Early attacks linked to this campaign relied on URL files for payload execution, but later transitioned to using BAT files, often in ZIP archives, to fetch and execute payloads from Cloudflare tunnels.
In more recent attacks, LNK files disguised as PDF documents have been used for payload delivery. Victims are served these files via phishing emails featuring payment and invoice themes, with links to a ZIP file containing the LNK file.

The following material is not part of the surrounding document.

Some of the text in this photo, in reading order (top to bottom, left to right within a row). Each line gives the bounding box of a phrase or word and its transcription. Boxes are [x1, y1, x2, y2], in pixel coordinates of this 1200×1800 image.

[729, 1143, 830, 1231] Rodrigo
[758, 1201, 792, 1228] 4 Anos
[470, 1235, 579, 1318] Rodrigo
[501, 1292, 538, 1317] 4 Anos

Cloudflare tunnels provide remote access to resources, like VPNs, and threat actors are increasingly abusing them for malware delivery, as it allows them to remain anonymous while bypassing network protections and detection, since traffic comes from a legitimate service.
As part of the Serpentine#Cloud campaign, the LNK file served to potential victims was observed triggering a complex infection chain that relied on robocopy to fetch a Windows Script File (WSF) from a remote WebDAV share hosted on Cloudflare’s tunnel infrastructure, and continued with script execution via Windows Script Host (WSH).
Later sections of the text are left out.